Director’s Diary - Parramatta Girls.

By Robyn Morris - Beaumaris Theatre Company, Melbourne.

Until the 1970s, rebellious or high-spirited teenagers chafed under the threat of being sent to a home for delinquents. For girls, crimes and misdemeanours - playing truant, running off with a boyfriend or mixing with the wrong crowd - could result in a charge of being in moral danger. Young women from dysfunctional families, which usually meant those with alcoholic parents, were also put away.

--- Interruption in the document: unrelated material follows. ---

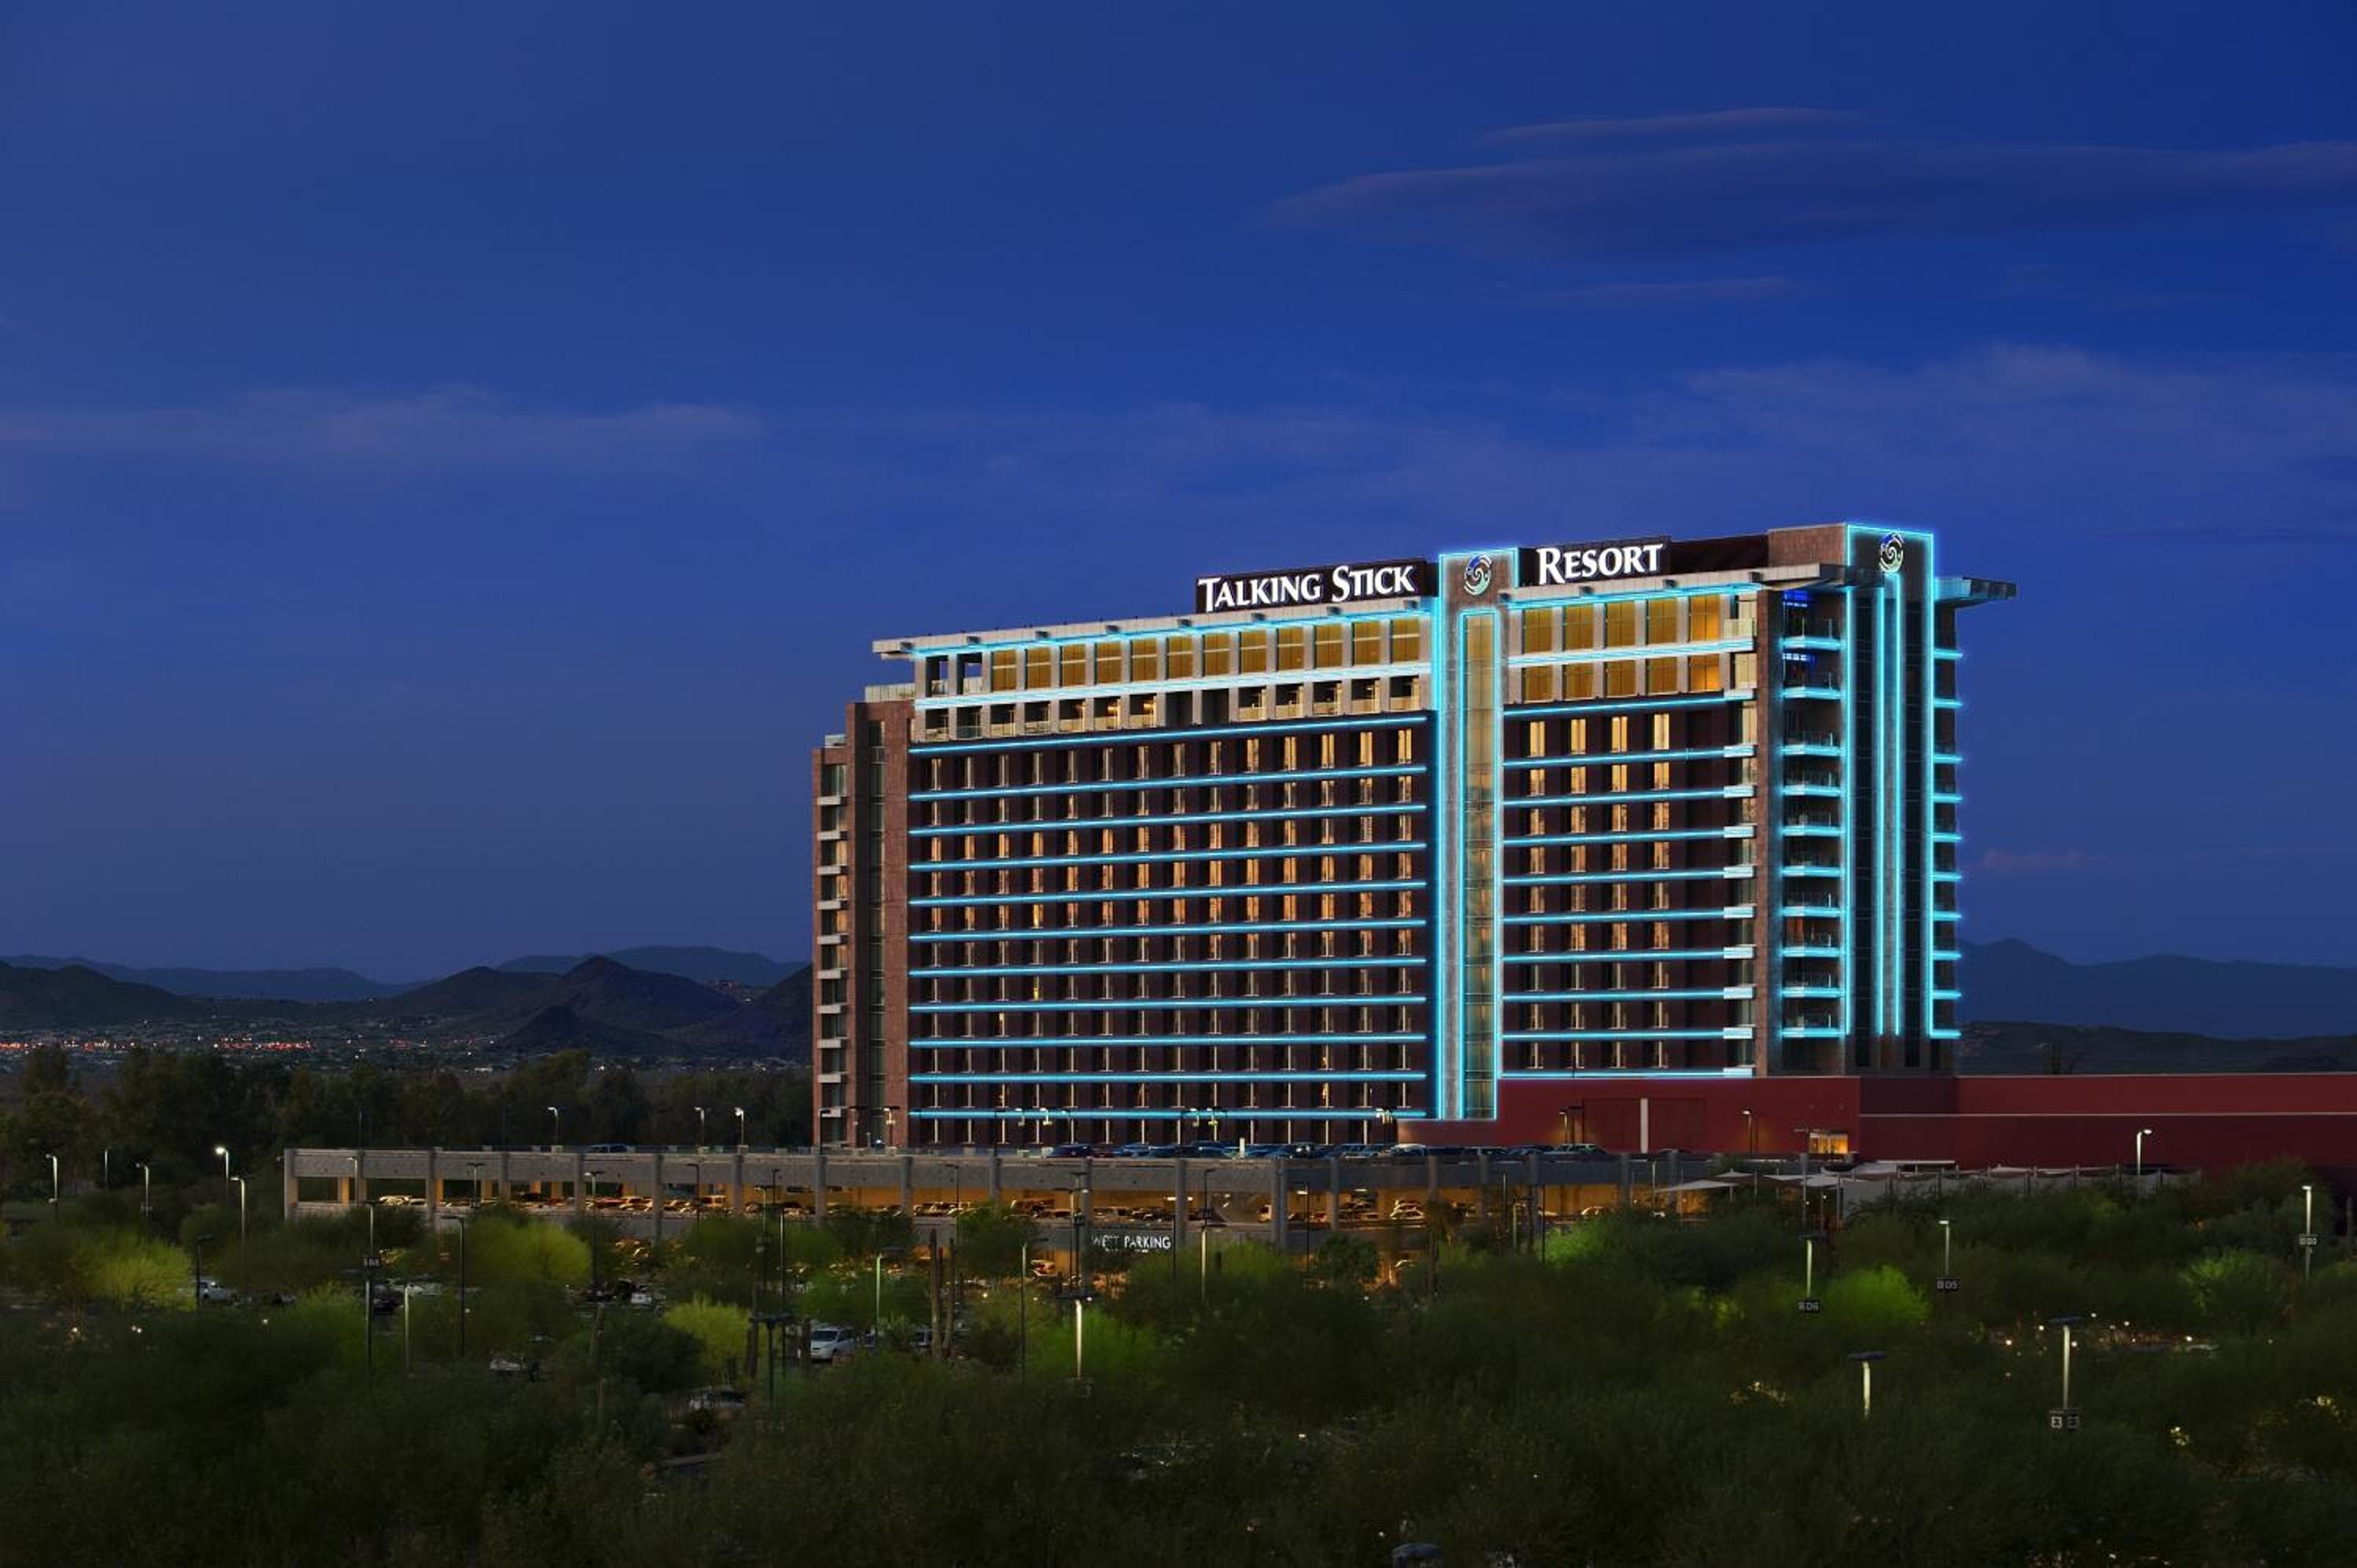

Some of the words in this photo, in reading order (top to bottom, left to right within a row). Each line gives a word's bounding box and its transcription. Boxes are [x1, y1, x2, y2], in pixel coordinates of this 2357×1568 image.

Thousands between the ages of twelve and eighteen were sentenced and carried the shame of being branded a home girl.
The GTS, better known as the Parramatta Girls Home, was closed down in 1974. Its conditions were widely recognized as being even harsher than those adult prisoners endured. Girls frequently rioted because of the punitive, Borstal-like mentality, whereby they were kept under surveillance at all times. They scrubbed floors for hours. By the sixties, sentences were usually six to nine months, but in earlier times a girl could spend all her teenage years in the facility.
Sexual and psychological abuse and emotional neglect were commonplace.

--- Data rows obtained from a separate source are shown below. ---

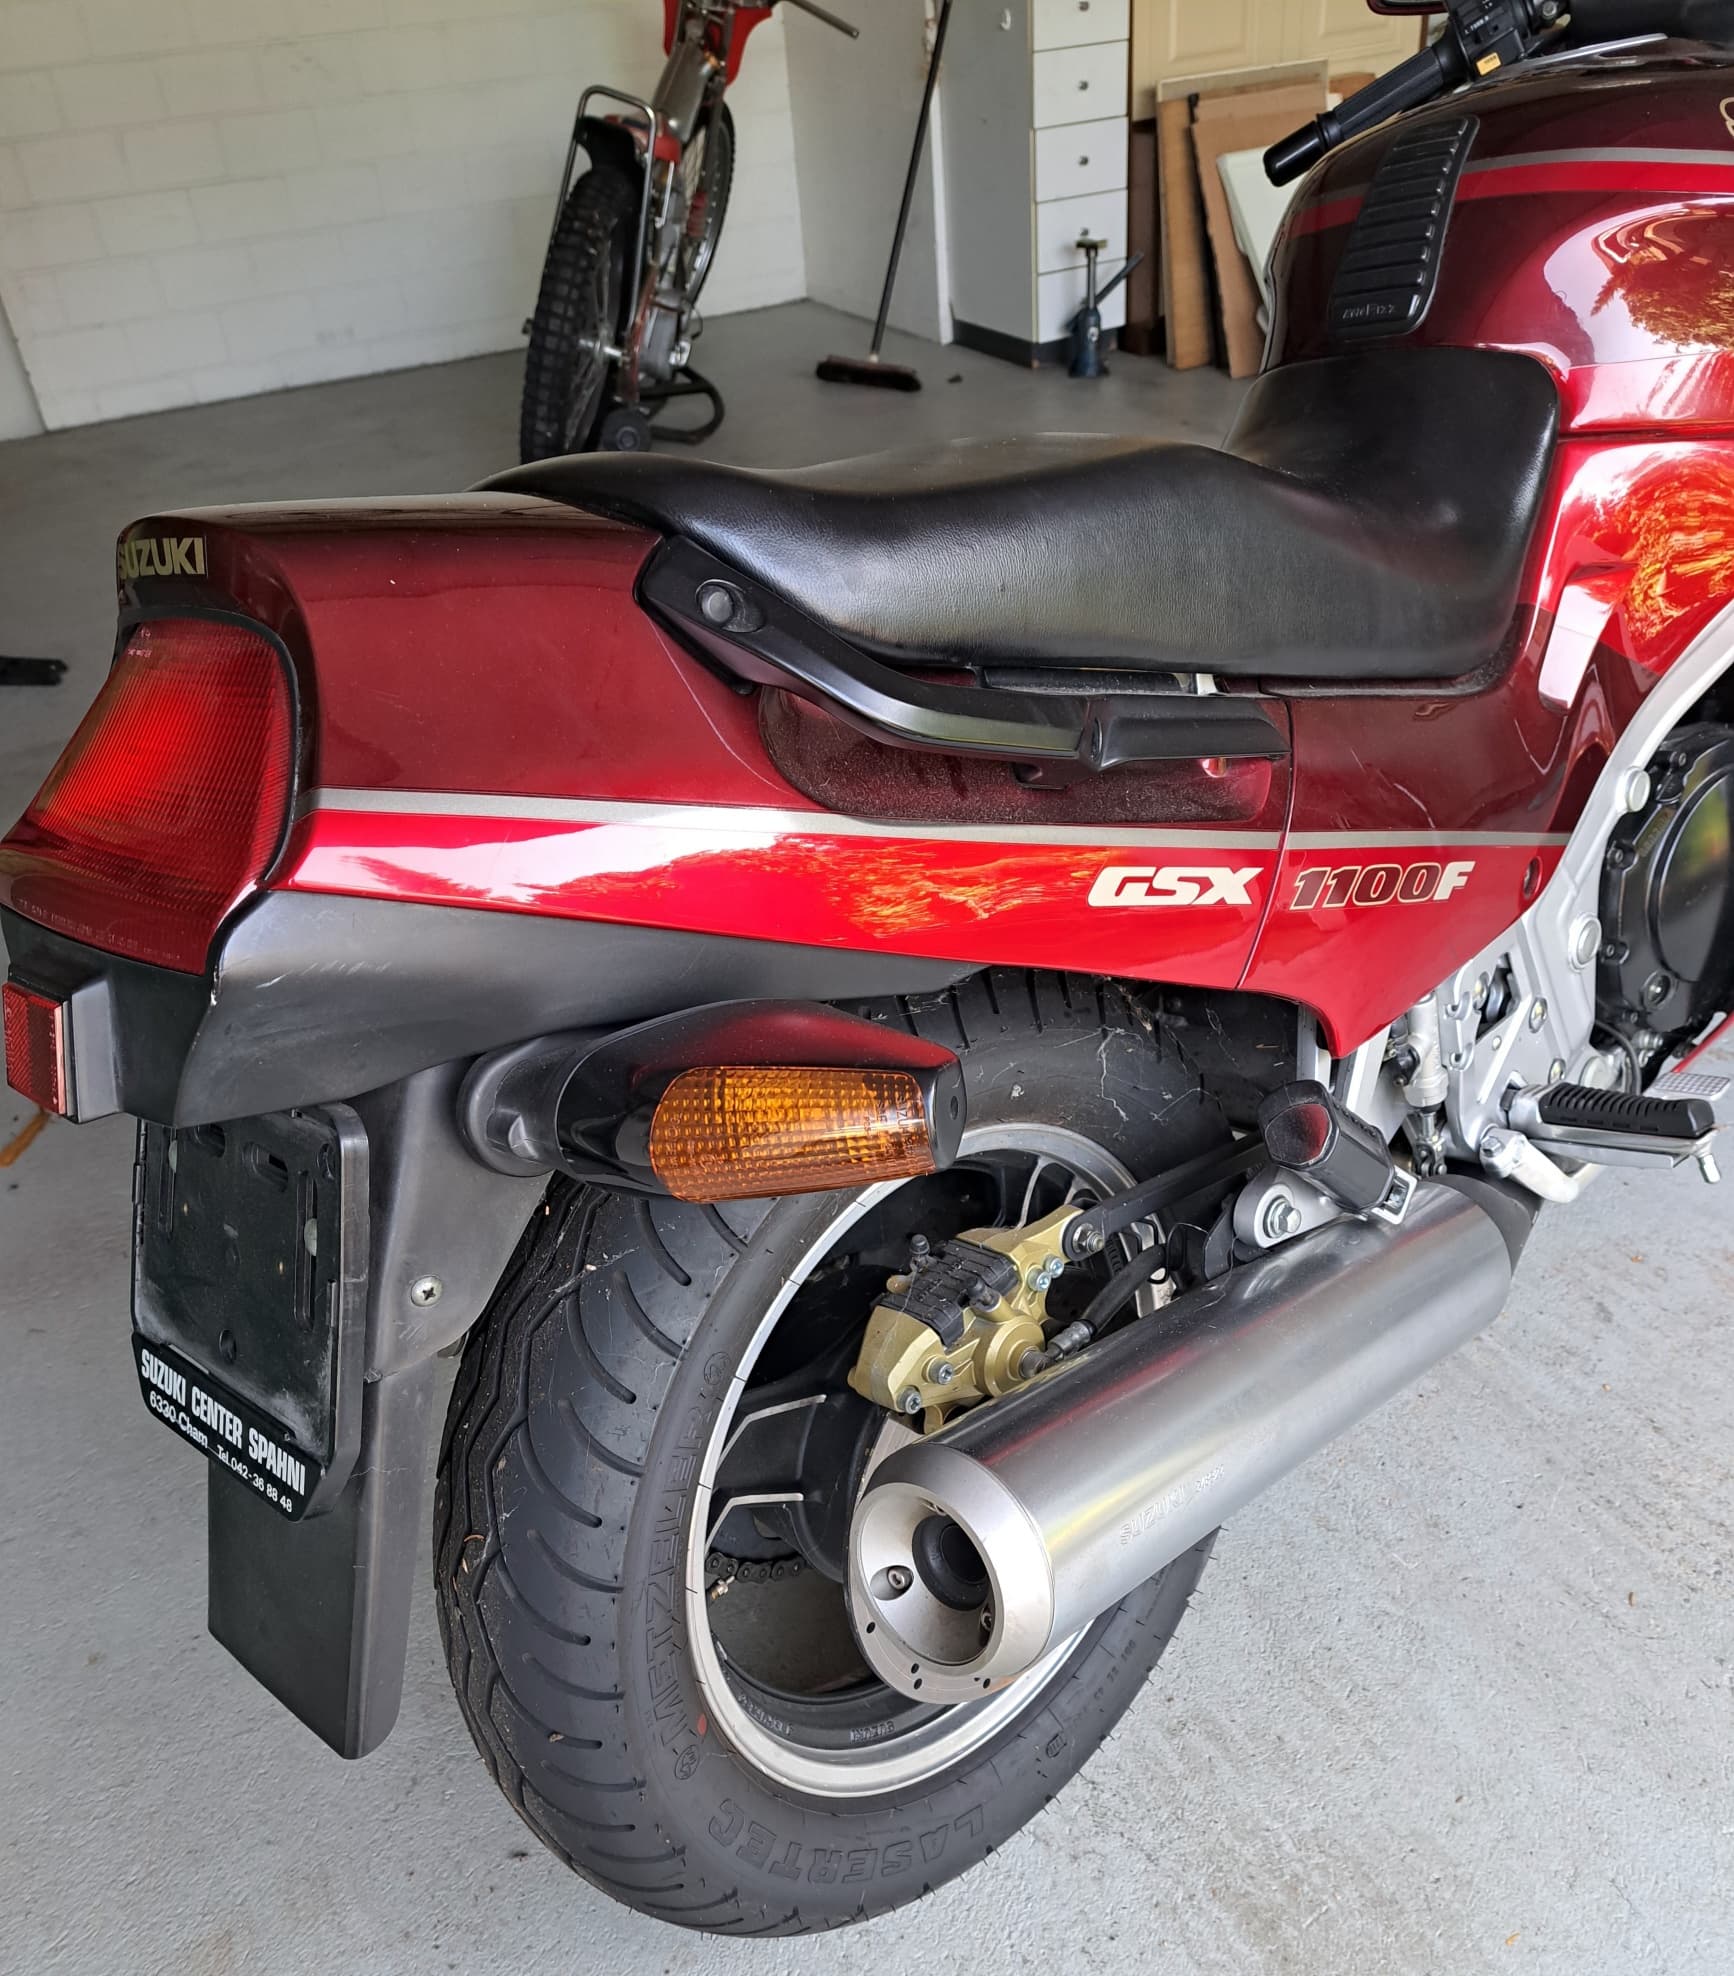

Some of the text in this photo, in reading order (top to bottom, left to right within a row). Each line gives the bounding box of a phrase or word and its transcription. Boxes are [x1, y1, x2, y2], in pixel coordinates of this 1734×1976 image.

[1087, 861, 1476, 911] GSX 1100F
[141, 1348, 306, 1496] SUZUKI CENTER SPAHNI
[150, 1390, 177, 1423] 6330
[178, 1411, 208, 1449] Cham
[266, 1483, 278, 1502] 88
[279, 1495, 293, 1513] 48
[647, 1407, 713, 1744] METZELER
[708, 1798, 984, 1884] LASERTEC

Drugs such as Valium and Largactil were used to subdue difficult girls, who were frequently placed in isolation, or solitary confinement, for long periods, barefoot, wearing a sack and fed only bread and water.
* Rosalie Higson Journalist The Australian March 2007.

ABOUT THE PLAY.

Alana Valentine's play Parramatta Girls came about after she heard about the GTS on an ABC television programme in 2003. After hearing the testimonies of the women who had survived incarceration in the Parramatta Girls School, Alana held two public readings, which led to her writing the play.
Parramatta Girls encompasses the portrayal of eight women who have come back to a reunion at the GTS Parramatta, some 40 years after they were first incarcerated. It is a dramatization of the reunion and includes song and story telling and shows the determination of the women who survived in the face of hardship and inequality.

WHY I CHOSE THIS PLAY.

I felt compelled to direct this play, as I am a relinquishing mother.
Even though I myself was not placed in a home because I was pregnant (as some of the inmates at Parramatta Girls Home were) I know many women who were placed in care. It is very important that the history of women being incarcerated in places like the Parramatta Girls Home is documented and available to the general public.

Casting
Casting appropriate actors was a huge challenge for Parramatta Girls.
Ideally I wanted at least one but would have liked up to 4 indigenous women. After at least a hundred phone calls, contact with indigenous agencies and a plethora of emails, I had to finally admit defeat. I was told that because we were outside of the CBD and did not pay our actors that we would be unsuccessful in our efforts to cast indigenous women. What a shame. Parramatta Girls would be the perfect play to showcase any actor’s ability.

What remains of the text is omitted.